Several lovely people keep checking in with me to see how I am. I think they mean “How I am feeling” as opposed to say, “How I am still alive after everything that has happened these past couple of months“, although frankly that feels like a relevant question too.
The answer is “Ok”. And also, “I don’t know”.
I’m able to attend to most of my daily needs- showering, toileting, getting dressed, eating and drinking, entirely independently. I can walk without help and without falling down. I can even manage the stairs with my trusty crutch. I left the house for the first time yesterday and that was totally fine. So really, when I think about it, I’m doing ok.
Certainly compared to this time 2 weeks ago, when a bruised and defeated version of myself lay in a bed on AMU hooked up to the magical 2nd dose of immunoglobulins that seemed to kick start my recovery. In fact some days when people ask me how I am, I feel like resorting to hyperbole and images flash through my mind of me cartwheeling around the room shouting “Spectacular!” and “Superb!” because physically, although I’m probably only about 85% back to normal, compared to how bad I was I feel about a million times better.
On the other hand, when people ask me how I am, I feel stumped. A simple question leads to a spiral of confusion. At any given point in time I find it almost impossible to identify a singular emotion that would cover my current state of being.
I feel genuine happiness at being home and reunited with Chris and my boys. I feel so much gratitude and huge crashing great waves of relief at how well my recovery is going. I feel stressed about our impending house move, and frustrated at the timing and how inconvenient it is and how little help I can be on a practical level. Although there is also a tinge of excitement mixed in there, of fresh starts and new beginnings. I feel worried about family and friends, who have their own struggles and who’s battles, unlike my own are not yet definitely won. I feel terrified that this may yet turn out to be only an interlude in my own battle and that my symptoms might come back or I might wake up one day to find I can’t move again. I feel sad about the loss of our baby, about the plans we made that now won’t be and the space in our future that now waits to be filled, or not. And occasionally I feel overwhelmingly and irrationally angry. I’m talking pure unapologetic rage. Towards people, towards things, towards life itself. It comes out of nowhere and in a flash it’s gone again, leaving me wondering if a side effect of IVIG therapy is some kind of Banner-esque transformation.
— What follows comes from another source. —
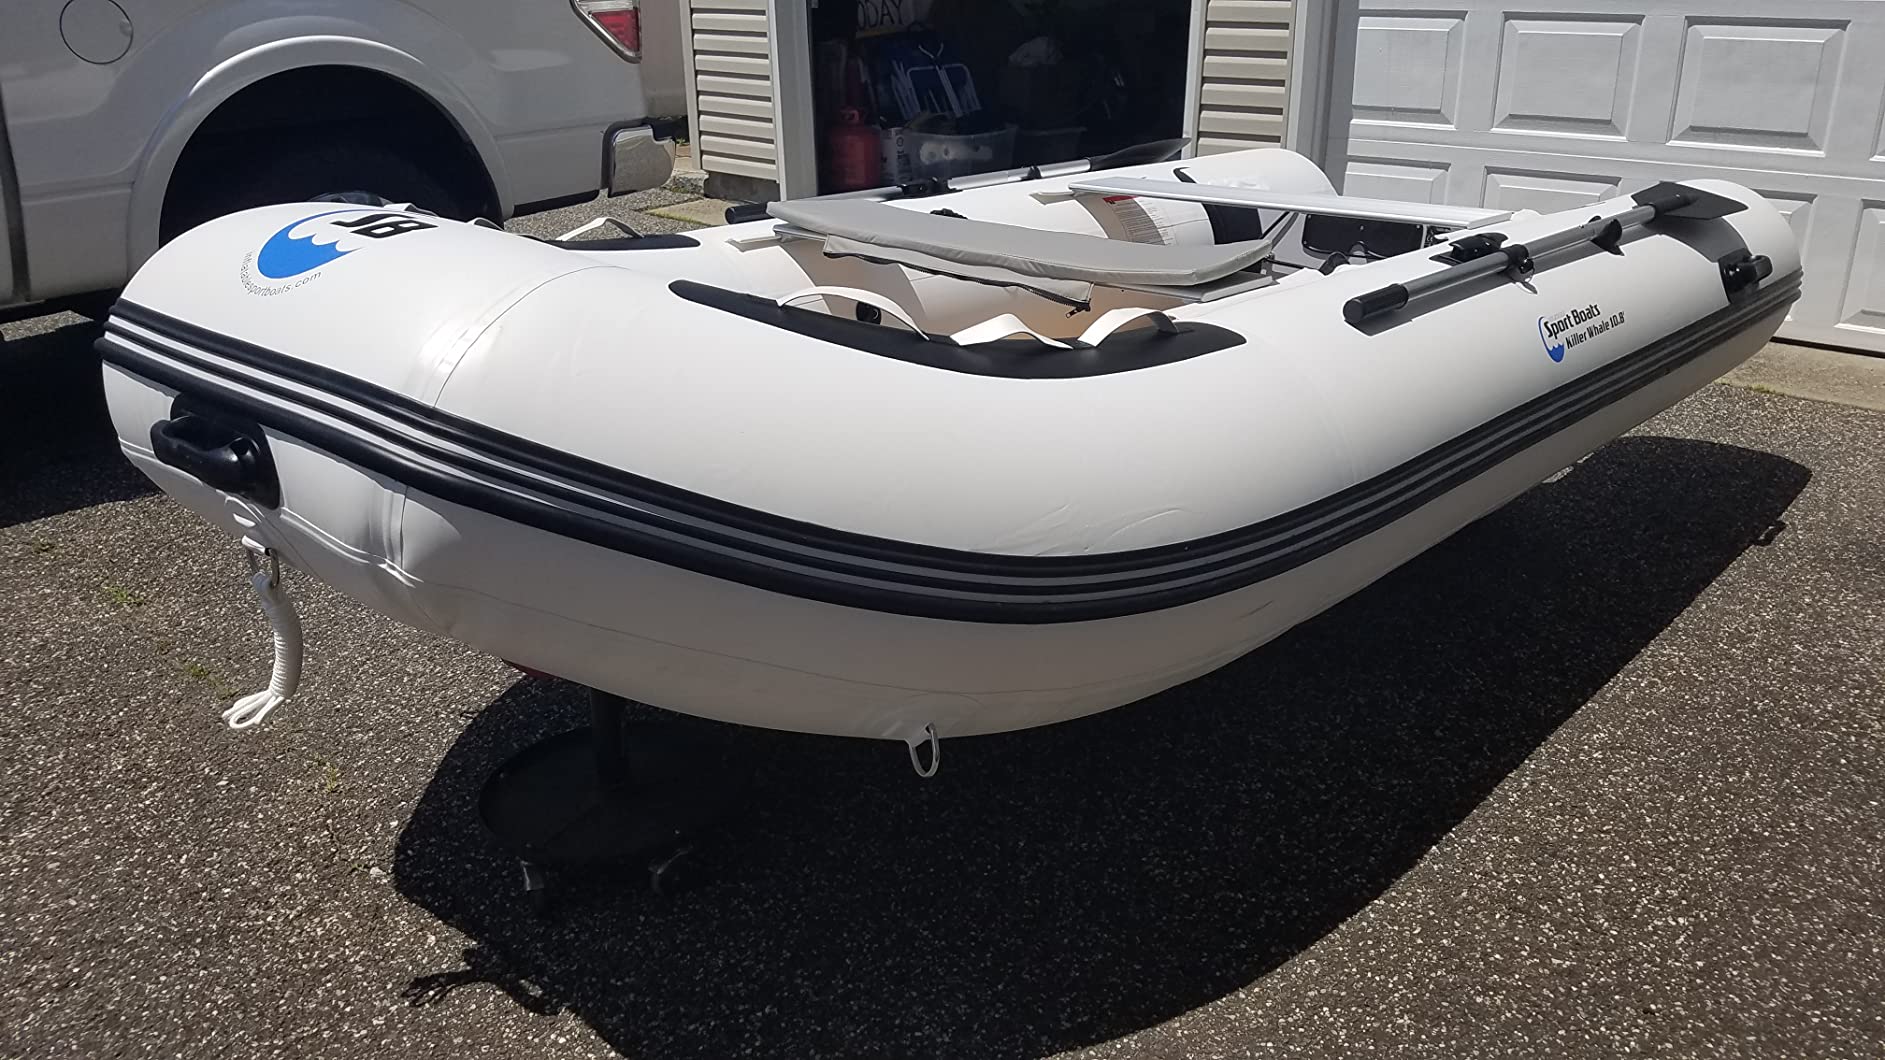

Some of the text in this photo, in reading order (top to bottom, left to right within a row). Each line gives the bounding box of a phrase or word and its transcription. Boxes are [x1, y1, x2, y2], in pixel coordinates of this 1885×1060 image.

[1543, 313, 1575, 340] Sport
[1570, 303, 1601, 326] Boats
[1565, 330, 1588, 350] Killer
[1586, 320, 1610, 339] Whale
The fatigue aspect of recovering from Guillan-Barre has been spectacular. Always inclined towards narcolepsy, in the sense that I have an ability to fall asleep any time any place (a distinct advantage when it comes to juggling shift work and motherhood) I now find myself like a cat. Delighted to be alive and yet unable to fully appreciate what life has to offer because I need to spend about 16 hours of every 24 asleep. Waking up is a several hours long process compared to getting to sleep which doesn’t even require my eyes to be closed before the process begins.
Today I didn’t get out of bed until 10am. I spent most of the afternoon sat on the sofa in my pyjamas wrapping ornaments and picture frames in bubble wrap and placing them in a box because it was the most “helpful and yet restful” thing I could think to do. Even so by teatime I was unreasonably exhausted and I fell asleep whilst putting Toby to bed, before even he himself went to sleep and woke up an hour or so later, summoning up just enough energy to transfer myself into my own bed before zonking out again.
Admittedly I’m awake now but that’s only because Chris came to check where the hell I had got to and his presence in the room woke me up (and scared the shit out of me) so I decided to sit and drink some ribena and potter a little on my phone before falling asleep at a slightly more reasonable hour for someone (well) over the age of eight.
When I think of how I used to spend entire days from 6am until 7.30pm in sole charge of the kids and then go work a busy night shift before getting back home at 8am and then sometimes sleeping for a couple of hours or maybe not at all before continuing where I left off with shopping and cooking and cleaning and playing etc. It’s hard for me to comprehend how I was even still alive.
These days all I can manage is some light packing and/or childcare duties (after about 12 hours sleep) and I’m done for. It’s like getting used to a whole new pace of life. Pace being the operative word and something I think I am going to struggle with because I like everything doing yesterday and find it difficult to differentiate between urgent and non urgent tasks. Chris calls it “impulse control issues” as it often leads to me undertaking ridiculous tasks at the most inopportune times because I can’t bear to just let it go for another minute. I know I am going to have to learn though if I want to keep the momentum going with my recovery without setting myself back. It’s just going to be hard.
So, if you ask me “How I am” and it takes me a few minutes to formulate a reply. Or indeed if my reply is a garbled nonsensical string of words, then you’ll understand why.